→ **DATA TO EXAMINE**:
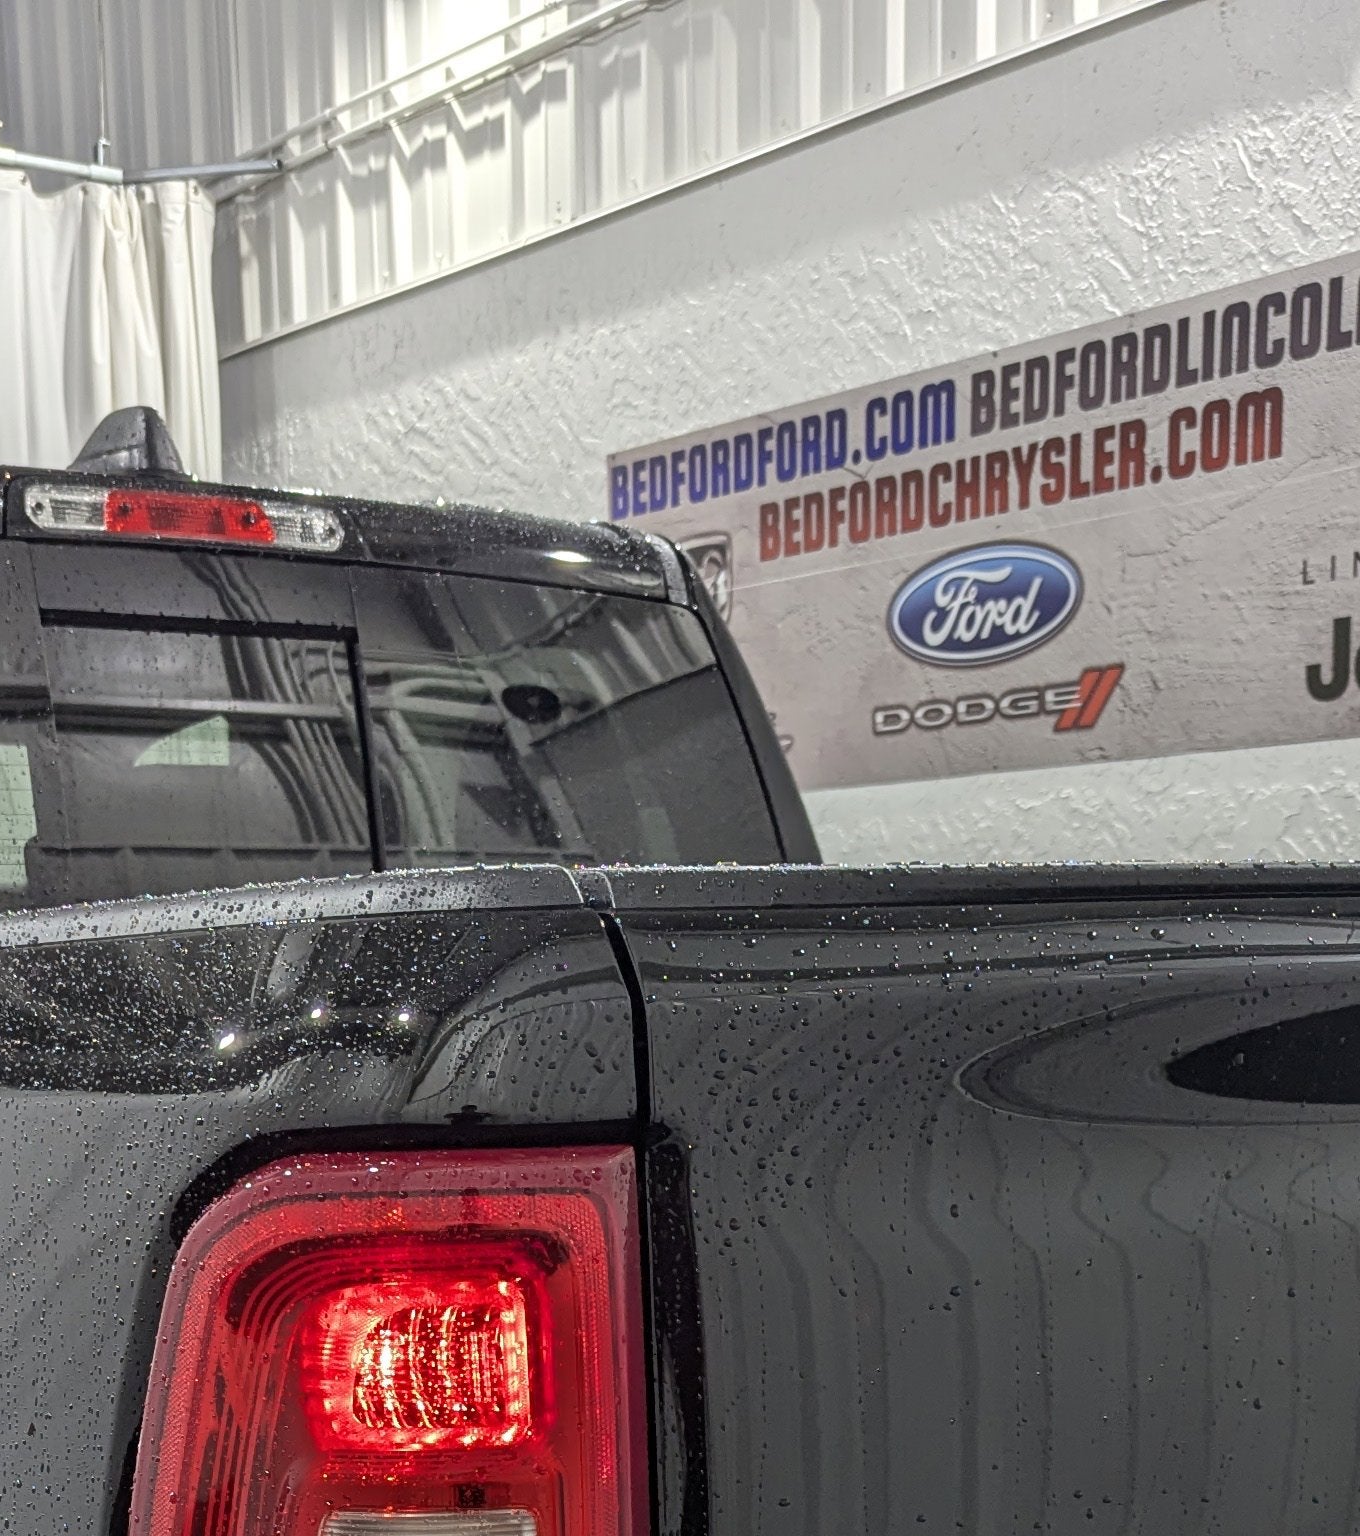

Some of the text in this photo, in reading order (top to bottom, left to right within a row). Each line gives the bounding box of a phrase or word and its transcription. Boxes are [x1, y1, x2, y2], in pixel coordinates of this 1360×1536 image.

[610, 379, 956, 521] BEDFORDFORD.COM
[759, 387, 1284, 562] BEDFORDCHRYSLER.COM
[922, 565, 1043, 647] Ford
[872, 680, 1084, 735] DODGE
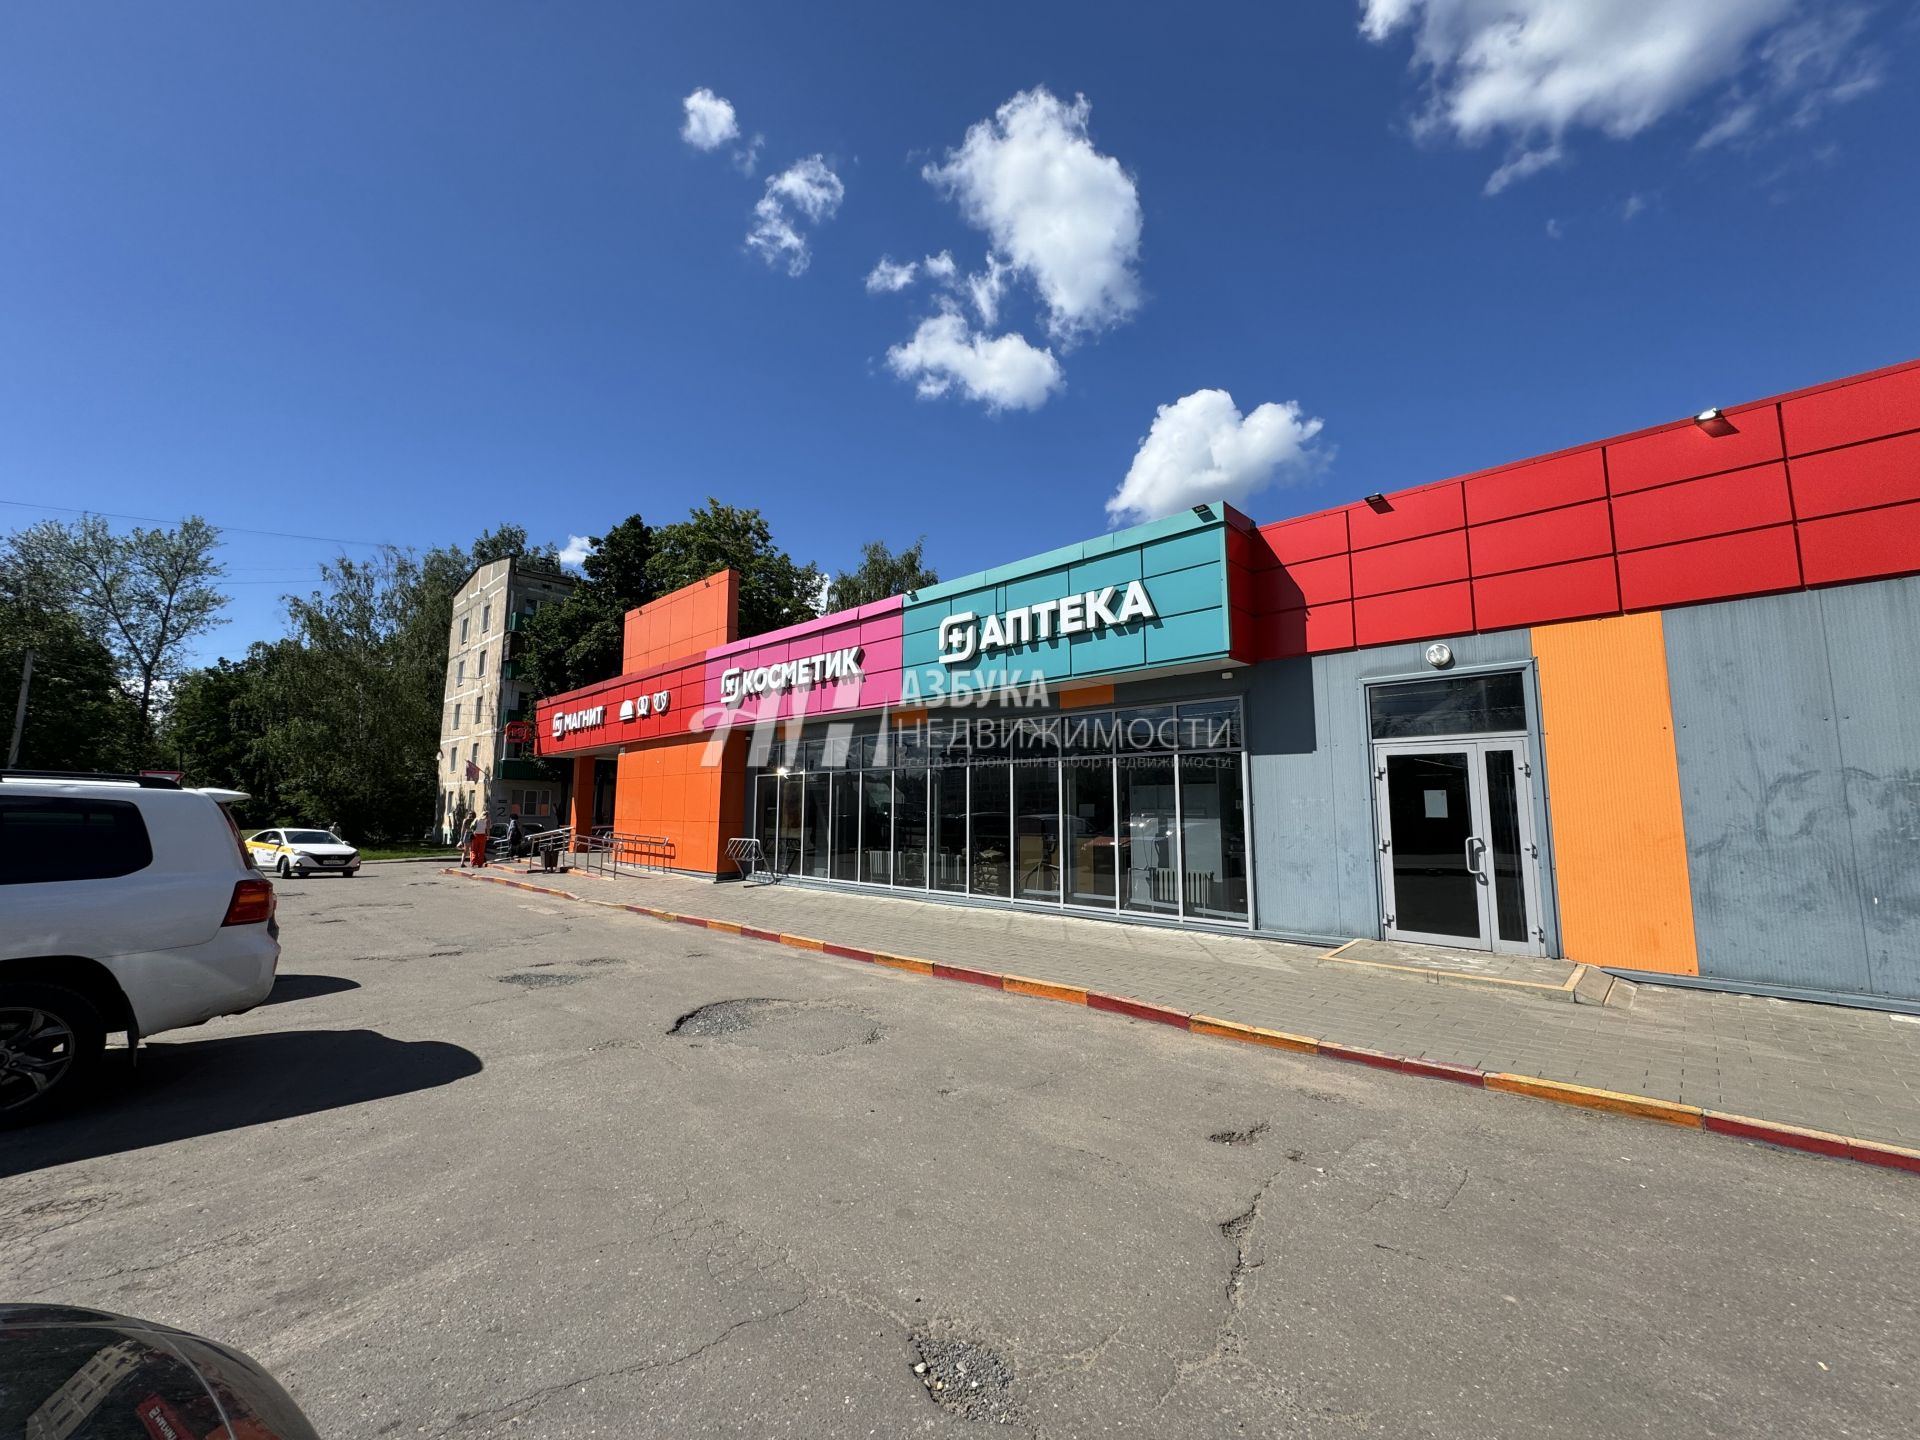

→ **WHAT YOU SHOULD DO**: The records above, minus their pictures, are to be returned word for word.

→ **RESPONSE TO THE EXERCISE**:
Some of the text in this photo, in reading order (top to bottom, left to right within a row). Each line gives the bounding box of a phrase or word and its transcription. Boxes are [x1, y1, x2, y2], in pixel coordinates of this 1360×1536 image.

[610, 379, 956, 521] BEDFORDFORD.COM
[759, 387, 1284, 562] BEDFORDCHRYSLER.COM
[922, 565, 1043, 647] Ford
[872, 680, 1084, 735] DODGE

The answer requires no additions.